ABOUT THIS TASK
Copy exactly the lines that run from the one containing "this 1600×1200 image." through the end of the entries, both ends included.

- - - - -

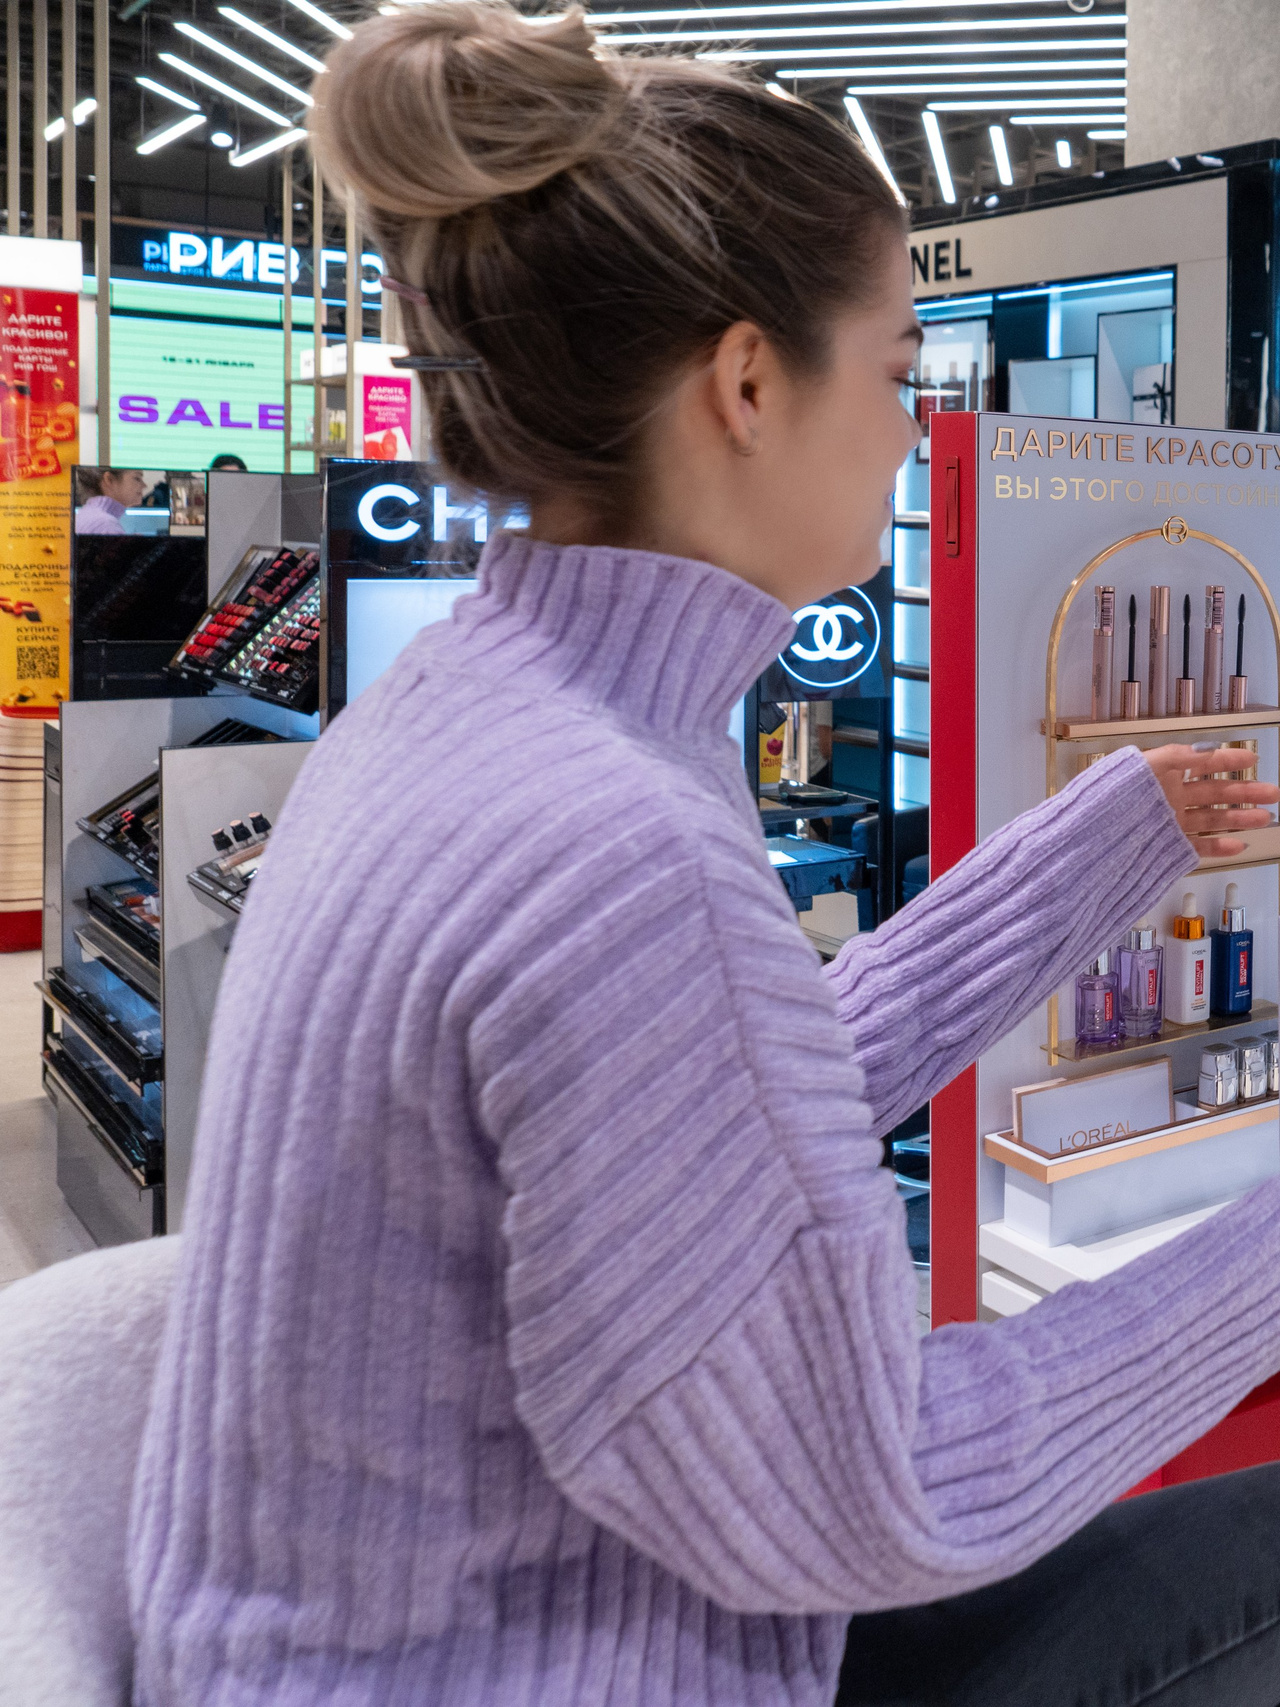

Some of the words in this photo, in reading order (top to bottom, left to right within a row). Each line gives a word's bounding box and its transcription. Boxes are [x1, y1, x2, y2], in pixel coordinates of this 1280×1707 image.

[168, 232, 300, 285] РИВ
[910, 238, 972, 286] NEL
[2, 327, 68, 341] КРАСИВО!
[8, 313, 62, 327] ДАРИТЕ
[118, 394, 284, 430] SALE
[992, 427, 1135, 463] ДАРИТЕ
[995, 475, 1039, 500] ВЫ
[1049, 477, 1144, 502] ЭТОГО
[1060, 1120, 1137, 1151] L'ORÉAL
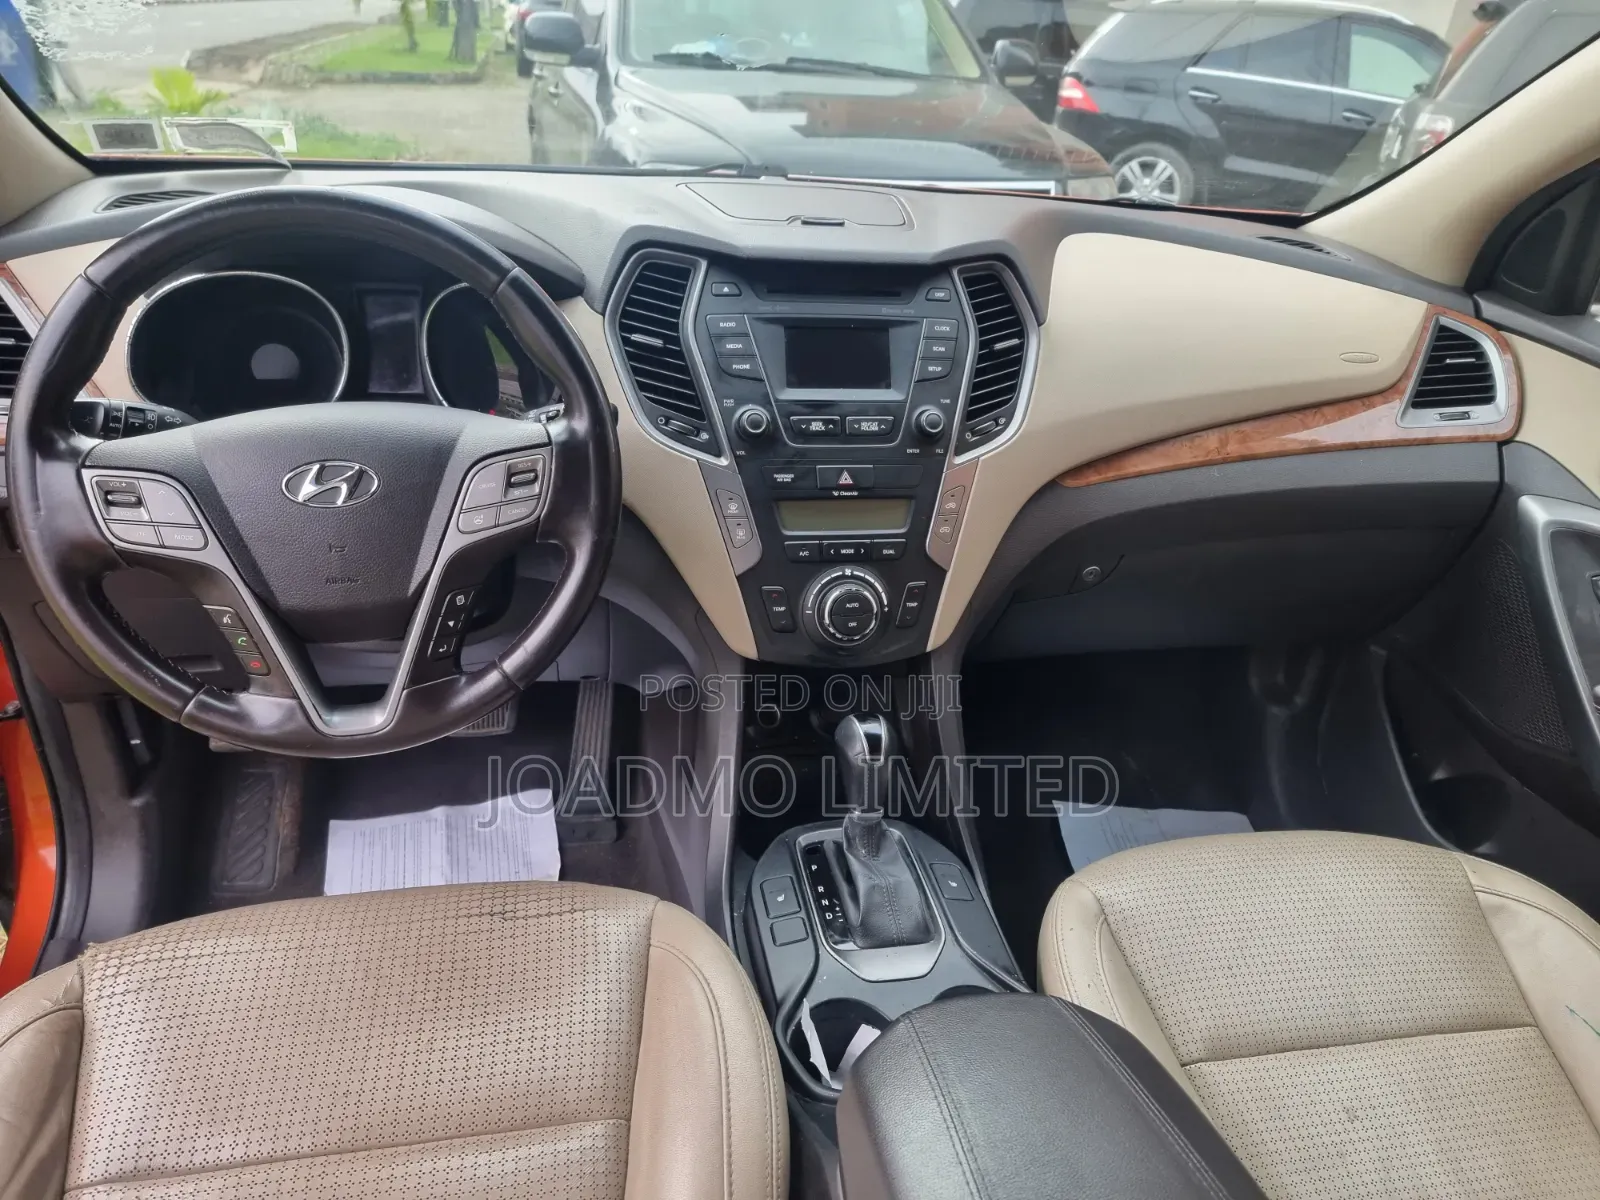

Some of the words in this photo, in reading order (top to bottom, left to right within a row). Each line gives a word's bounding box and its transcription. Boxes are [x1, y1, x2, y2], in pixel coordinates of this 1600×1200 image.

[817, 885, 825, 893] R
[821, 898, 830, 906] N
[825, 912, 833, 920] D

- - - - -

RESPONSE
Some of the words in this photo, in reading order (top to bottom, left to right within a row). Each line gives a word's bounding box and its transcription. Boxes are [x1, y1, x2, y2], in pixel coordinates of this 1600×1200 image.

[817, 885, 825, 893] R
[821, 898, 830, 906] N
[825, 912, 833, 920] D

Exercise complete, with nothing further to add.